- SUPPLIED ENTRIES -
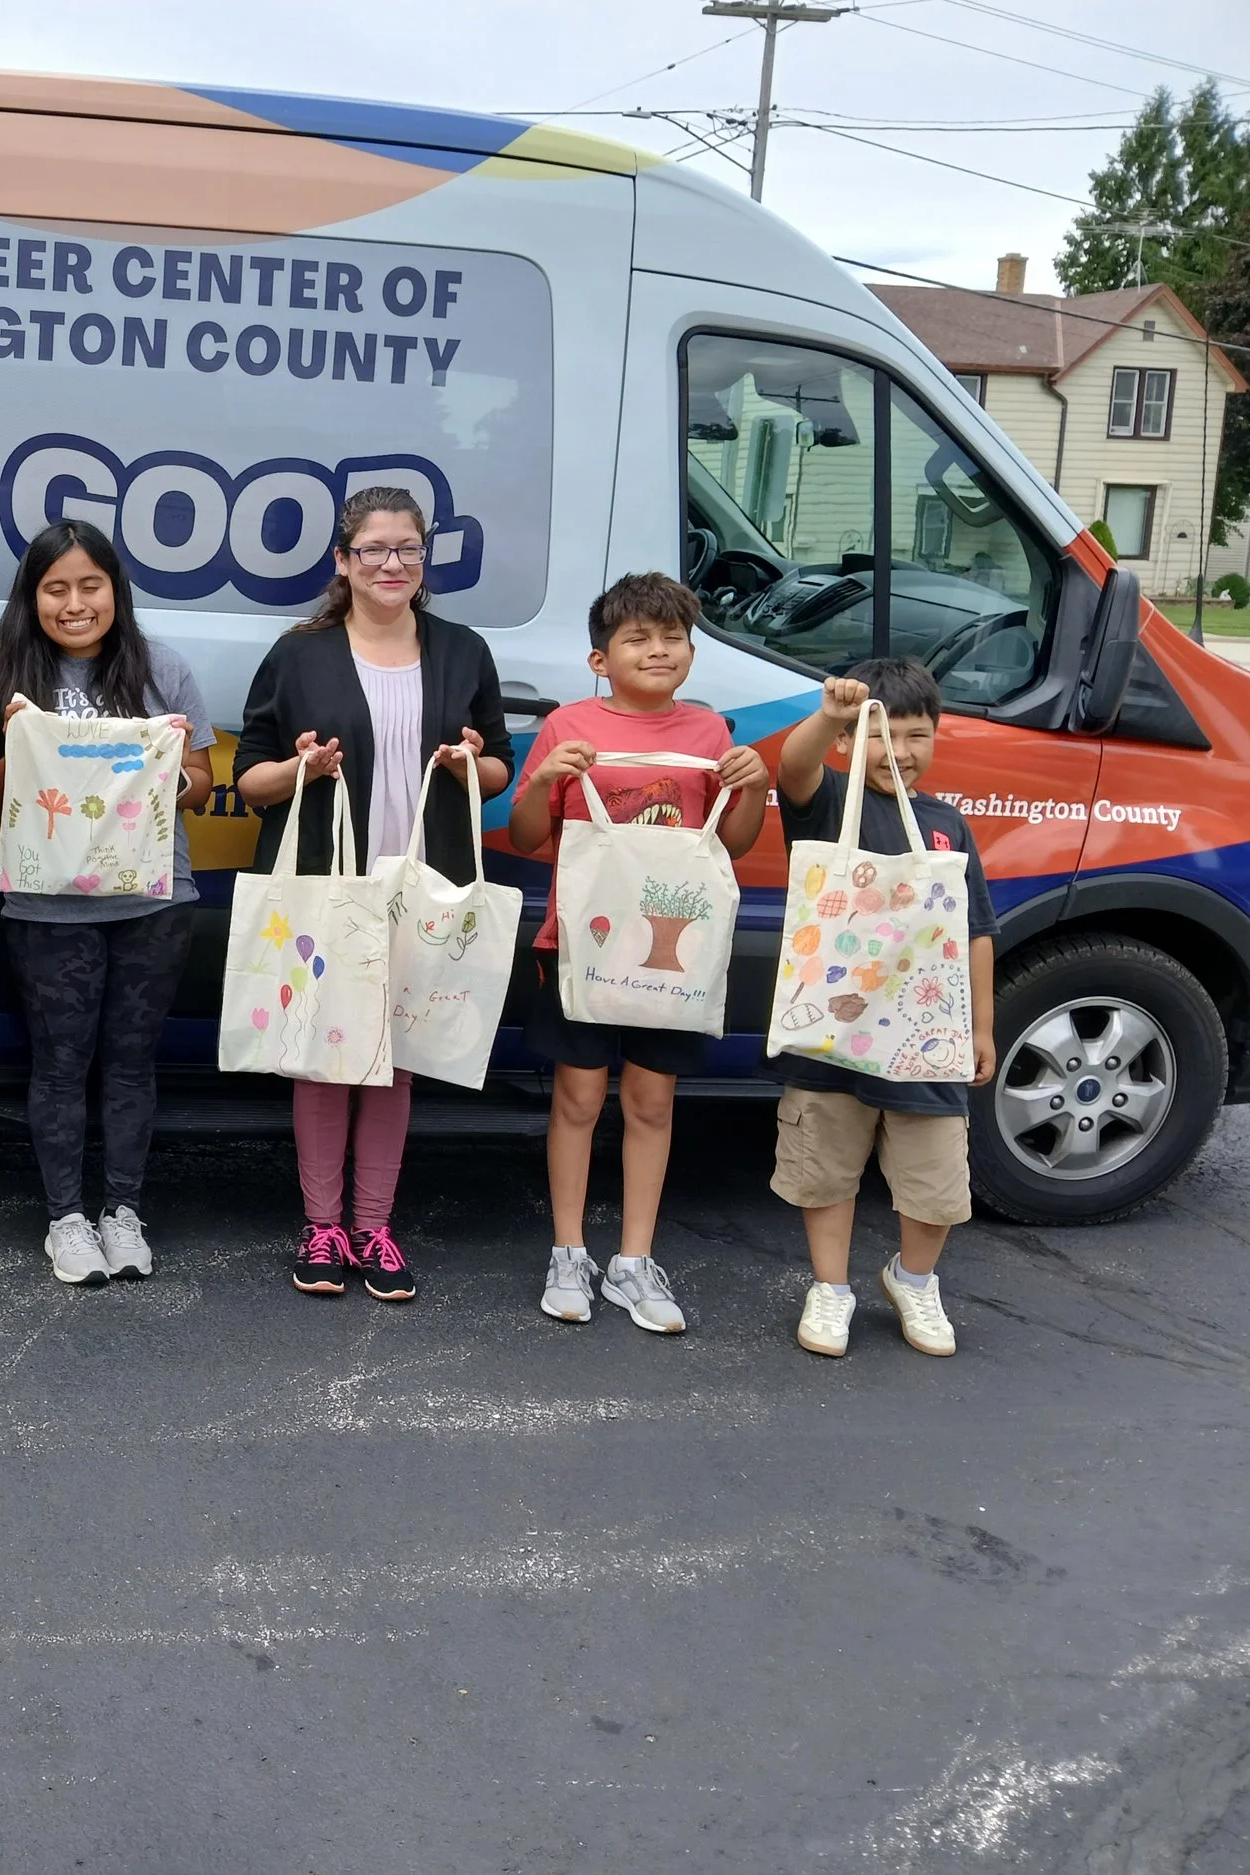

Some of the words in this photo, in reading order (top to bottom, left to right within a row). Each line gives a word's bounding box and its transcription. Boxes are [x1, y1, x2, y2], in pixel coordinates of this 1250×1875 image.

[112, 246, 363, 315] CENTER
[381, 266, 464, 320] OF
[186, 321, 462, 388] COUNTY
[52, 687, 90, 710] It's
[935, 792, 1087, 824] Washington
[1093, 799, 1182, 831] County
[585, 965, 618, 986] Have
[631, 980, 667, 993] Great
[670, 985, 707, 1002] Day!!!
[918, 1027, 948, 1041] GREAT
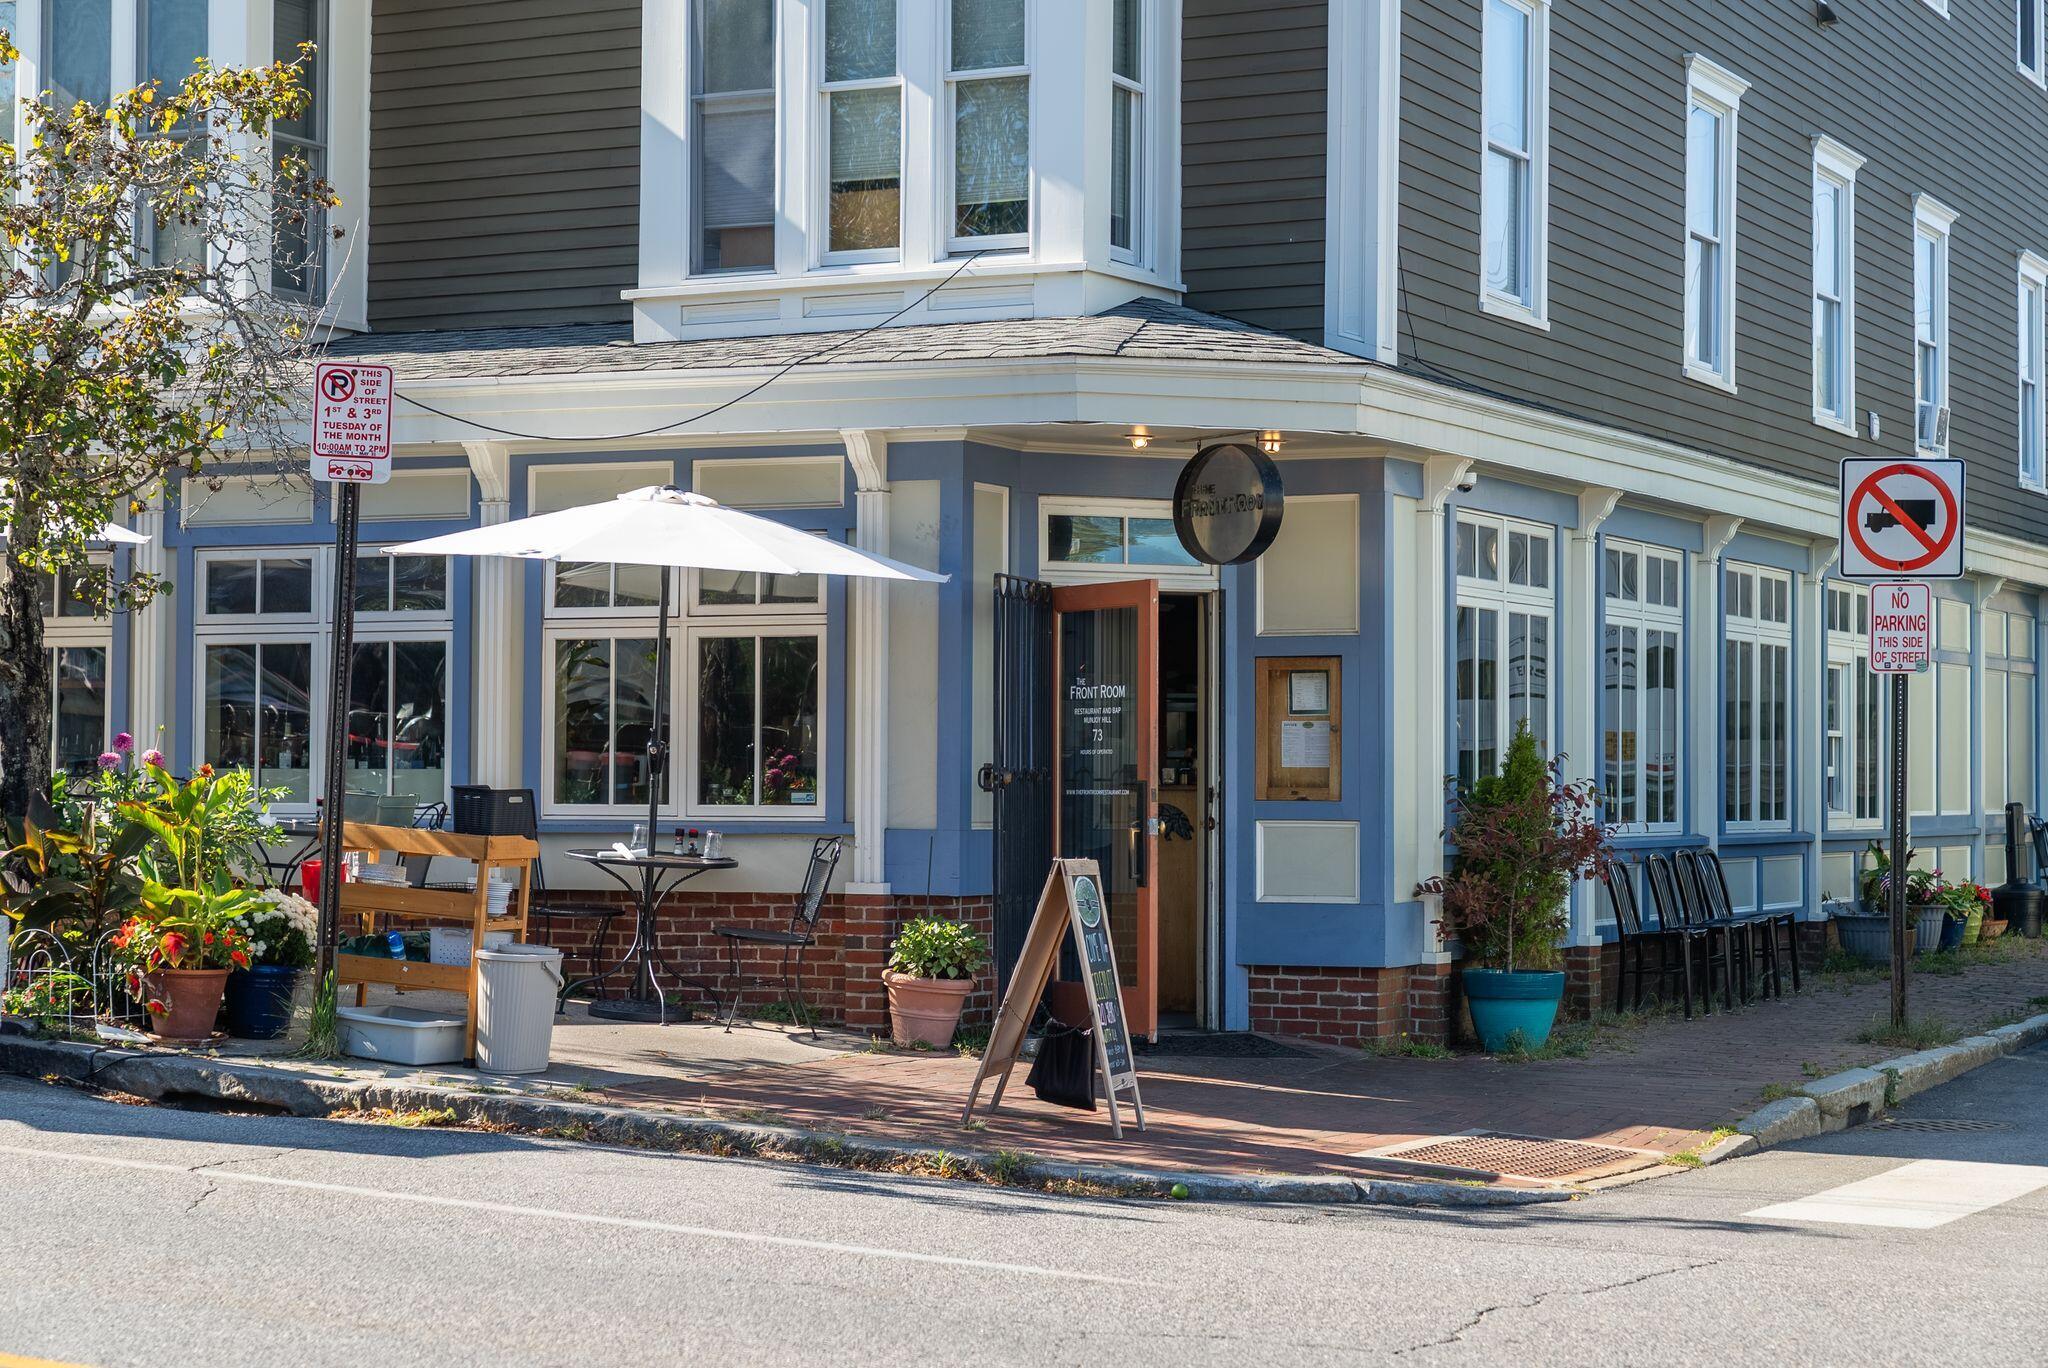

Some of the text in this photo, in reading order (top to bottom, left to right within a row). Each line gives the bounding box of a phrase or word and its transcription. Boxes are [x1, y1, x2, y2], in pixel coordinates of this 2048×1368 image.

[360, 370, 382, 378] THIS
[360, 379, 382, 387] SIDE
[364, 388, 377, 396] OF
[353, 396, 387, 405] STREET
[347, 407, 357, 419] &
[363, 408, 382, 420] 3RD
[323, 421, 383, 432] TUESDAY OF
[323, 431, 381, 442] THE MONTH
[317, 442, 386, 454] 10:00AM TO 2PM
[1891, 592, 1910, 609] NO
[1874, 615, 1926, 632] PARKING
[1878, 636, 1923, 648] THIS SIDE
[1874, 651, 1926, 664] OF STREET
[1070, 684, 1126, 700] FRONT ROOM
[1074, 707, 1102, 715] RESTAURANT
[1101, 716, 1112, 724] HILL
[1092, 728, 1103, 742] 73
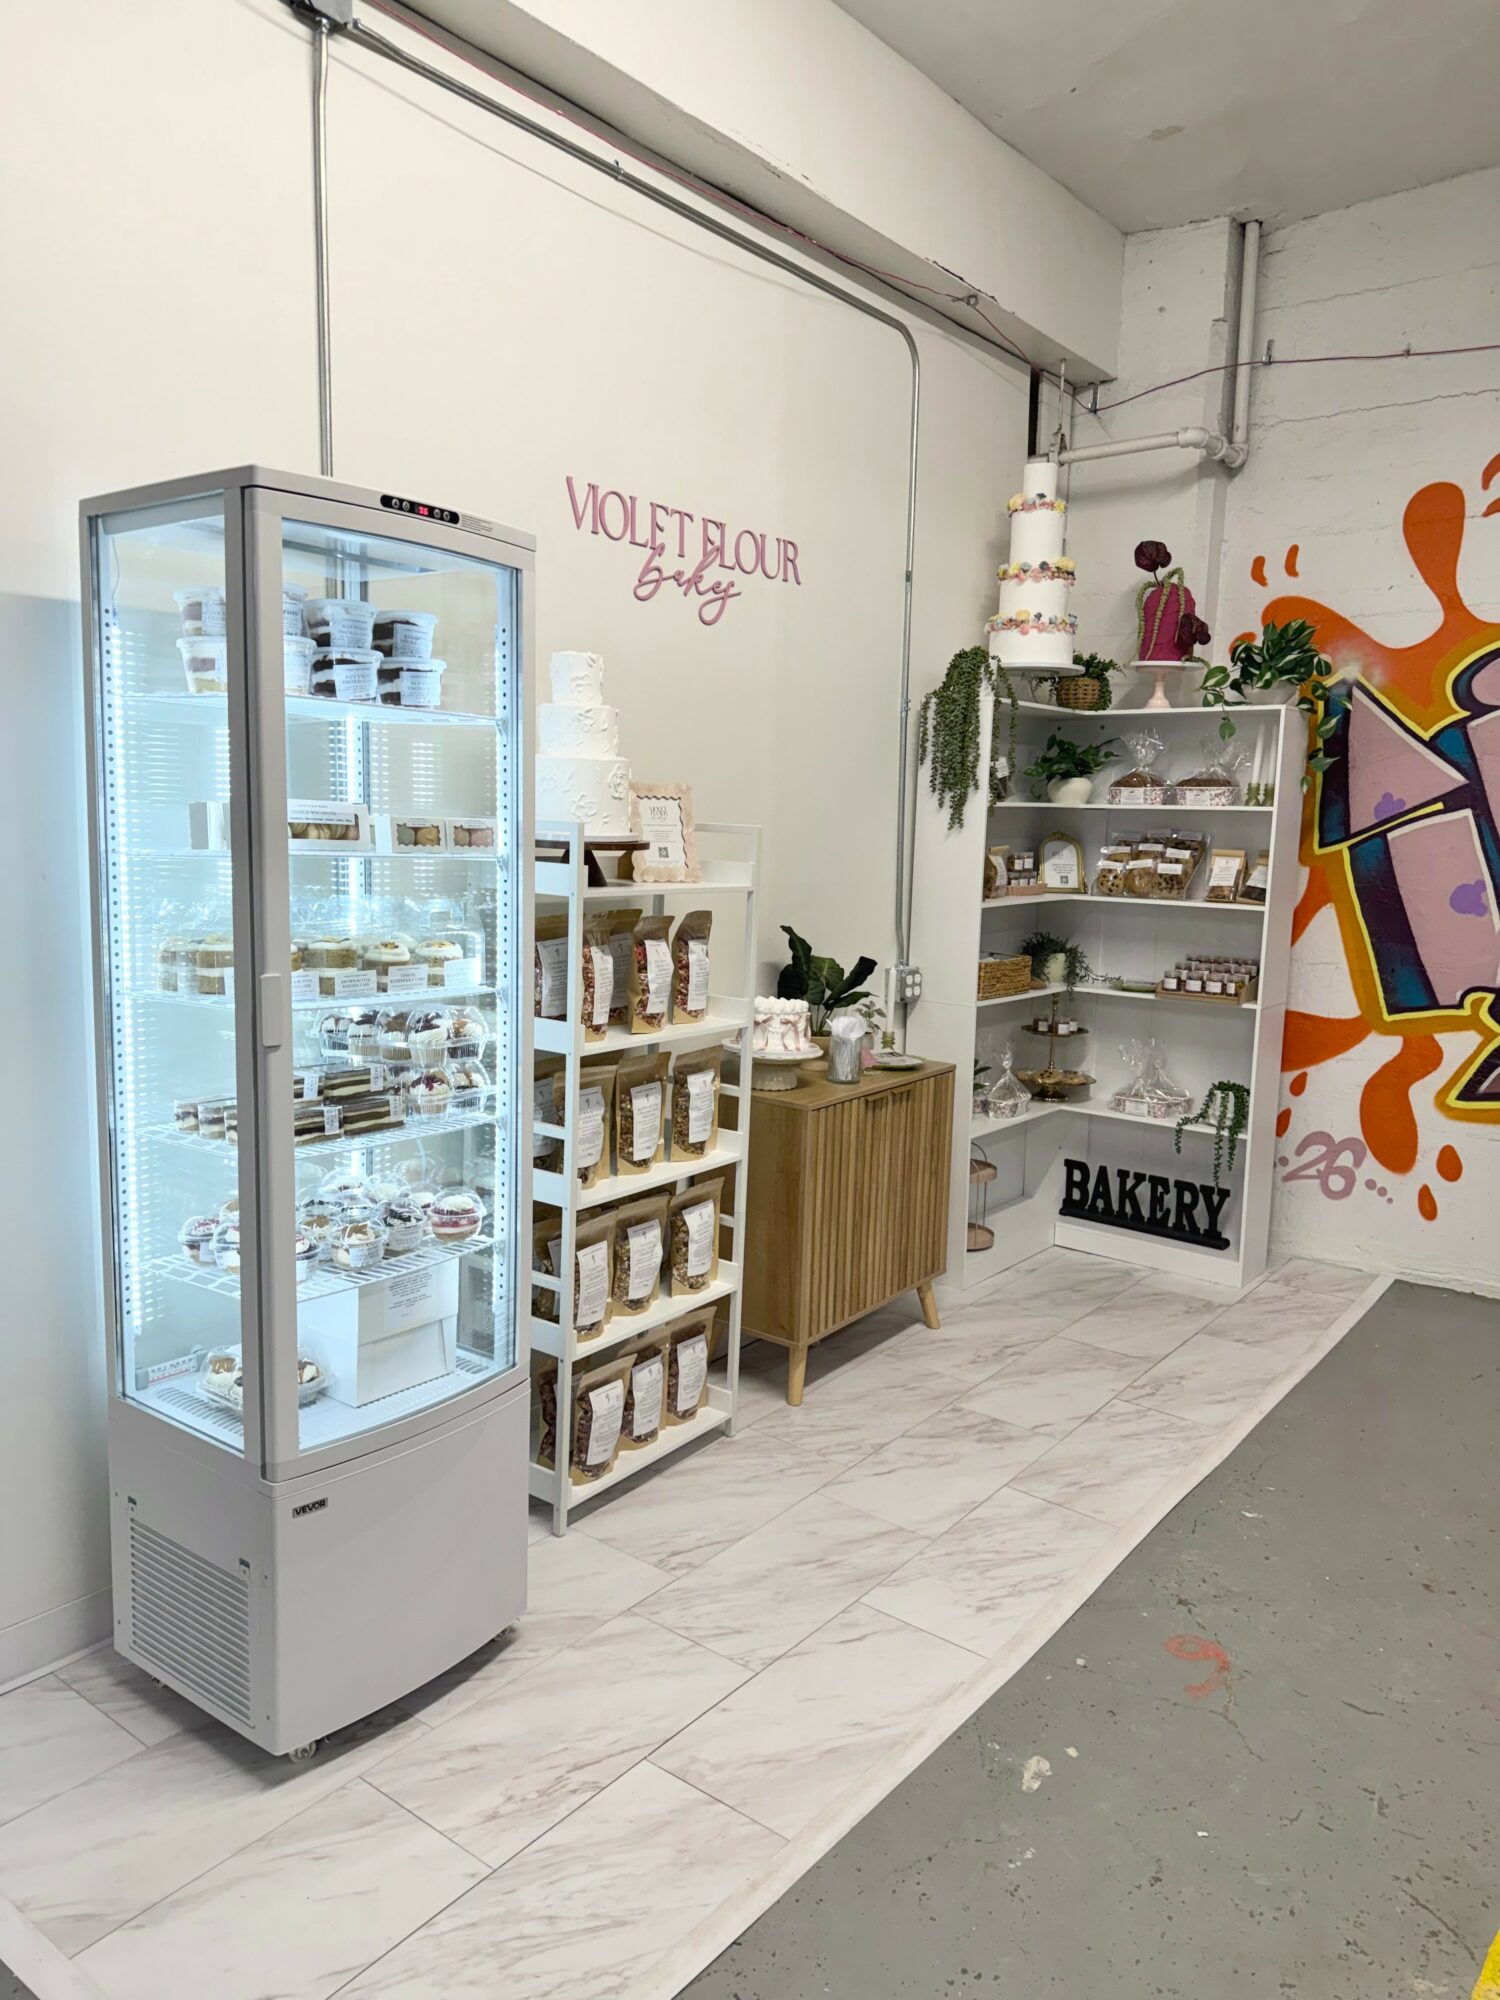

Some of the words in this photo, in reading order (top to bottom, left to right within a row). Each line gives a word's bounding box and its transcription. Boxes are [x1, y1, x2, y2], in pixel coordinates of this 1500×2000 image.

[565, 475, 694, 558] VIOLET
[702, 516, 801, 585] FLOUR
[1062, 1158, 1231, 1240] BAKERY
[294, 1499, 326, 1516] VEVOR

- INSTRUCTIONS FOR THE TASK -
Using the records above, write out exactly the lines from the one containing "this 1500×2000 image." through the last, and add nothing.

- EXERCISE RESPONSE -
Some of the words in this photo, in reading order (top to bottom, left to right within a row). Each line gives a word's bounding box and its transcription. Boxes are [x1, y1, x2, y2], in pixel coordinates of this 1500×2000 image.

[565, 475, 694, 558] VIOLET
[702, 516, 801, 585] FLOUR
[1062, 1158, 1231, 1240] BAKERY
[294, 1499, 326, 1516] VEVOR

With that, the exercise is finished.